In the world of fashion, horse riding and it's accoutrements immediately communicate wealth, heritage and privilege…..old money in short! The Gucci ‘horsebit’ loafer, the Hermès square patterned with bridles, stirrups and medallions, the perennial riding boots and nipped in hacking jackets to name a few timeless classics.
Charlottte Casiraghi of Gucci, Gucci 1953 horesebit loafers
Elements of this style have been appropriated or subverted by designers including Vivienne Westwood and John Galliano. Remember the ubiquitous Dior ‘saddle bag’?
Dior 'saddle bag', Vivienne Westwood jacket
Brands such as Polo Ralph Lauren, Longchamp and Coach have gone even further to extend the equine associations beyond inspiration and directly into their brand names and logos.

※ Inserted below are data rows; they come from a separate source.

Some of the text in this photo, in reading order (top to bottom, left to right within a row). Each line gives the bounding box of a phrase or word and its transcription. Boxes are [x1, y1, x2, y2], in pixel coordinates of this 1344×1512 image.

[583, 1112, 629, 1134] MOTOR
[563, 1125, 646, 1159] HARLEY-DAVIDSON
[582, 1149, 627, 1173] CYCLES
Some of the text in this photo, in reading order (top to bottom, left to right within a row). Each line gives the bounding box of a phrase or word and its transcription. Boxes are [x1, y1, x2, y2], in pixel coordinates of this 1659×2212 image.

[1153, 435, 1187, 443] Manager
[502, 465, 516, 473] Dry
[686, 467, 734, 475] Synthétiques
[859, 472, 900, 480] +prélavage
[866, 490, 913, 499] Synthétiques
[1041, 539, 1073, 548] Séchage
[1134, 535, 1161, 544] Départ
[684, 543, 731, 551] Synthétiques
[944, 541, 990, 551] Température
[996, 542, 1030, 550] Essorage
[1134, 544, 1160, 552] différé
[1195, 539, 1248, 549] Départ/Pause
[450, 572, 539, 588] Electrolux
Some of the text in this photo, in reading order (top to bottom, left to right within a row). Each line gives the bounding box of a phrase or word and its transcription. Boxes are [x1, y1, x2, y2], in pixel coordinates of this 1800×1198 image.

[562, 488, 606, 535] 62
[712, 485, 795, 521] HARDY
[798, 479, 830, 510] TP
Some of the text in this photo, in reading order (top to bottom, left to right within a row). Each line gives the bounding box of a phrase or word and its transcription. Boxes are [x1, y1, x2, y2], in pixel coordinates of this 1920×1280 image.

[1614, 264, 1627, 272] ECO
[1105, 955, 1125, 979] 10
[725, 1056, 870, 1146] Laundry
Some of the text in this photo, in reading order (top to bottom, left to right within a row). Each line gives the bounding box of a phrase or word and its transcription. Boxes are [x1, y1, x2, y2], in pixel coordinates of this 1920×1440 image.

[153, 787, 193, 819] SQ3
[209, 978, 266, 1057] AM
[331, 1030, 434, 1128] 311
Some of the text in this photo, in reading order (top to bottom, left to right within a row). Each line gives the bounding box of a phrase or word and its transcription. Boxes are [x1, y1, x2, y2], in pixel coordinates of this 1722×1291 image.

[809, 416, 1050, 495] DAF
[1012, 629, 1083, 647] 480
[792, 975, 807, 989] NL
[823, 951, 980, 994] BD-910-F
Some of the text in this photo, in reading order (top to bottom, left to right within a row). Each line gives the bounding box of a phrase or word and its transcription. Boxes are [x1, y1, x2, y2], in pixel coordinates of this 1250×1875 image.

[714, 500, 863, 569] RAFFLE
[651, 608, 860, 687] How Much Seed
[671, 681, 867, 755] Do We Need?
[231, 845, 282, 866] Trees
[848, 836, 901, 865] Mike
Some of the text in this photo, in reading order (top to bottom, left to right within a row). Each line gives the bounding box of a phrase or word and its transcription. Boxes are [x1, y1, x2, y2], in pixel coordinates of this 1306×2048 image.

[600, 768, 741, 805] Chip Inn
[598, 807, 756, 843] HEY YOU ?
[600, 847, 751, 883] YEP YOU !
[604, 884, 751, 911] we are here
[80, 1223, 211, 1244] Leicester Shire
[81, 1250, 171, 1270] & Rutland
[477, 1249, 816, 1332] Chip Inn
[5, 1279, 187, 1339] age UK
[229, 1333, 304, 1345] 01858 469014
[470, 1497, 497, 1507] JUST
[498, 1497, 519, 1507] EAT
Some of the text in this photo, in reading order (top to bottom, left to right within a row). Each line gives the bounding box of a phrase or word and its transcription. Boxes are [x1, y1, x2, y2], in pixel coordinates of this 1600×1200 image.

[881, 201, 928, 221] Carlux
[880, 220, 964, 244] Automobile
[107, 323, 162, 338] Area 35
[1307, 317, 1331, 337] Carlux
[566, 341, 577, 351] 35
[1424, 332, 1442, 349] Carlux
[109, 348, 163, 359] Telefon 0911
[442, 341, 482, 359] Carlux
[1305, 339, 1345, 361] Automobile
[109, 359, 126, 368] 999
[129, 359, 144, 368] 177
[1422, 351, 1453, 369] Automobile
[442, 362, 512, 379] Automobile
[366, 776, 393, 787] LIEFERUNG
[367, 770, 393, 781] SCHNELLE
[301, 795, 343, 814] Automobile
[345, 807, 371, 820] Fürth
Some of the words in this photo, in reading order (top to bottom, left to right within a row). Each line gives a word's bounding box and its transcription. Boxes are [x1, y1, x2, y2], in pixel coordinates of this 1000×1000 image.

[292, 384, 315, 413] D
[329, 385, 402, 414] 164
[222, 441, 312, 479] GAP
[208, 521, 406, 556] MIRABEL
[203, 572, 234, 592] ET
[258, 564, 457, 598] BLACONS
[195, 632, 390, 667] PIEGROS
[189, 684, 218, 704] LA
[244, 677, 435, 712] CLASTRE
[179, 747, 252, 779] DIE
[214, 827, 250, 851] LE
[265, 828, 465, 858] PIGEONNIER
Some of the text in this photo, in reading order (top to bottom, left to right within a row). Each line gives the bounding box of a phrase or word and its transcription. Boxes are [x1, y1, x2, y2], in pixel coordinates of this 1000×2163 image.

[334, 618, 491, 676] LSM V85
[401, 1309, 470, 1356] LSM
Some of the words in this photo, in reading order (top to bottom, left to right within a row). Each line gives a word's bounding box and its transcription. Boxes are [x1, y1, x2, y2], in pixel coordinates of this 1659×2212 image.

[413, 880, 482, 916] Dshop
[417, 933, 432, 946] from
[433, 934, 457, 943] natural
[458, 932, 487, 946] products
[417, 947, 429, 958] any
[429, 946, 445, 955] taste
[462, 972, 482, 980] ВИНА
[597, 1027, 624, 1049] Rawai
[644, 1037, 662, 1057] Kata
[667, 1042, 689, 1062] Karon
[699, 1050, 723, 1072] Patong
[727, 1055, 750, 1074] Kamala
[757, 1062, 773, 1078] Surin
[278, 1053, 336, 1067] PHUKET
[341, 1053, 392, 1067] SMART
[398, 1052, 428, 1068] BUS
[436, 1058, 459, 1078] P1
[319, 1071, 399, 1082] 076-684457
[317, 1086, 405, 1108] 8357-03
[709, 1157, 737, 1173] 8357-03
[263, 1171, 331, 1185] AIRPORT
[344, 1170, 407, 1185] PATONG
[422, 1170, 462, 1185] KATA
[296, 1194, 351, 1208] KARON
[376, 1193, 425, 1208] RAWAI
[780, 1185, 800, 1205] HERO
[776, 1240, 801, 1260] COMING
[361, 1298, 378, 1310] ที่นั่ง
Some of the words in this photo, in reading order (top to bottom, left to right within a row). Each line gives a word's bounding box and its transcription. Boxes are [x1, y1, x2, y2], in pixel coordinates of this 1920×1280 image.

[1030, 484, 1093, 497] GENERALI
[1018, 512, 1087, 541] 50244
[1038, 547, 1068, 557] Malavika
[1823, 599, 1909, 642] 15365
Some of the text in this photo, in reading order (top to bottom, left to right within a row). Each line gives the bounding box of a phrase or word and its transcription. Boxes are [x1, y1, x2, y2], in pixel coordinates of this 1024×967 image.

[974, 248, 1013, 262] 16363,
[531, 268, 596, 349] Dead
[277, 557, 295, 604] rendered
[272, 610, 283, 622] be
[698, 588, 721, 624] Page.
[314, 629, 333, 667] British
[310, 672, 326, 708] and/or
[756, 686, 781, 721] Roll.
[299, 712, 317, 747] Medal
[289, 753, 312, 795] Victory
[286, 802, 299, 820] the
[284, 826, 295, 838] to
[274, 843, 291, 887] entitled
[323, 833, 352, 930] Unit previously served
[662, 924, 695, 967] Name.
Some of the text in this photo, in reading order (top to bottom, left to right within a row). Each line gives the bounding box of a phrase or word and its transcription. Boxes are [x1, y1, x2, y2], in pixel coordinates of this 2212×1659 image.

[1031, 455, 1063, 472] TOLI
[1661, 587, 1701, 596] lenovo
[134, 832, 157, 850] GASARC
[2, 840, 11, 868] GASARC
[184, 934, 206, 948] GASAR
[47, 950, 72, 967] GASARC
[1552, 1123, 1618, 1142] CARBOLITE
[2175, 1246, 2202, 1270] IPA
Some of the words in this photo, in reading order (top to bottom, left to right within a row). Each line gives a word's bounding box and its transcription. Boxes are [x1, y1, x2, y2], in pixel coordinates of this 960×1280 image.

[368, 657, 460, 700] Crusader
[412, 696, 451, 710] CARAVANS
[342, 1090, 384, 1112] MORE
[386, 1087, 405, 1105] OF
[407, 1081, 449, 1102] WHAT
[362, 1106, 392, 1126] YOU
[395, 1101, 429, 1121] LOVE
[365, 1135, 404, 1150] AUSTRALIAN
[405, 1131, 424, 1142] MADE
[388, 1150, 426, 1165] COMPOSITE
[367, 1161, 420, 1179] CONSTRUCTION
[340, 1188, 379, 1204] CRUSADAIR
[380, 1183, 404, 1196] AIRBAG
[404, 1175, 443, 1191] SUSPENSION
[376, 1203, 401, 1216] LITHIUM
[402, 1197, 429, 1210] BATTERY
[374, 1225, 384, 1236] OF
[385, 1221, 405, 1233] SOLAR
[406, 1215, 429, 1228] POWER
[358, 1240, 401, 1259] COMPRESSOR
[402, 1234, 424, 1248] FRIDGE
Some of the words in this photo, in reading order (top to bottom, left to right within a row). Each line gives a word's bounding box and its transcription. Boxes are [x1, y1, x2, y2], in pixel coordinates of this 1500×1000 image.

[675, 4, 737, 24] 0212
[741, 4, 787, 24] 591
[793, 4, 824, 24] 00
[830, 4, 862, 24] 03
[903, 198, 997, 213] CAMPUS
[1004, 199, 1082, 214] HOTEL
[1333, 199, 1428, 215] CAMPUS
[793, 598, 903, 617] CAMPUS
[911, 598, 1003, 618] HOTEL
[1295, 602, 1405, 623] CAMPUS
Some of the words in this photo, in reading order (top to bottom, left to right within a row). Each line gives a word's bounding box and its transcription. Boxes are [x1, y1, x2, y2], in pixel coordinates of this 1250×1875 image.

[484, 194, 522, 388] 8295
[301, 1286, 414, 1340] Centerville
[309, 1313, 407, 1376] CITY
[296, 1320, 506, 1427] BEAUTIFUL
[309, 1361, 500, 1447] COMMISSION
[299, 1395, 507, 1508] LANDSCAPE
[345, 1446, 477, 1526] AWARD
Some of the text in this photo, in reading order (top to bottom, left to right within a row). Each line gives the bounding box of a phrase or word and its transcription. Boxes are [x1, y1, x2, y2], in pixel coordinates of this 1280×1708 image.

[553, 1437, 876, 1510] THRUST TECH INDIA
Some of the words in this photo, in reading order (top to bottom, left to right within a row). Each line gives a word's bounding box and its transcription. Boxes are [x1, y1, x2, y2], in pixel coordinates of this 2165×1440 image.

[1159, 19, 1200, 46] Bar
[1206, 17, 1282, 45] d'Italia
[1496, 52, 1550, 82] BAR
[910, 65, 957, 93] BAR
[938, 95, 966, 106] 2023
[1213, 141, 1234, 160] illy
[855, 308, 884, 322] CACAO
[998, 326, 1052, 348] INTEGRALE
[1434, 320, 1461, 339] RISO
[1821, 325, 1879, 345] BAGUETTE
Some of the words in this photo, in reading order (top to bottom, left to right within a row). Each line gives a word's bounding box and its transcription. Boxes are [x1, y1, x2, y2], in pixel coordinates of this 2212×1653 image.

No such invention was required by Hermès. The French brand originated as a harness workshop in the 1800’s creating expert saddles for the most privileged. In the 1920’s handbag production began and in 1937 the silk scarf was introduced. Riding equipment par excellence is still crafted today, but it is the silk scarf that is universally cherished. Seasonally adorned with horses, and related ephemera, it gives a glimpse into the world of the landed gentry without the required country pile and stables.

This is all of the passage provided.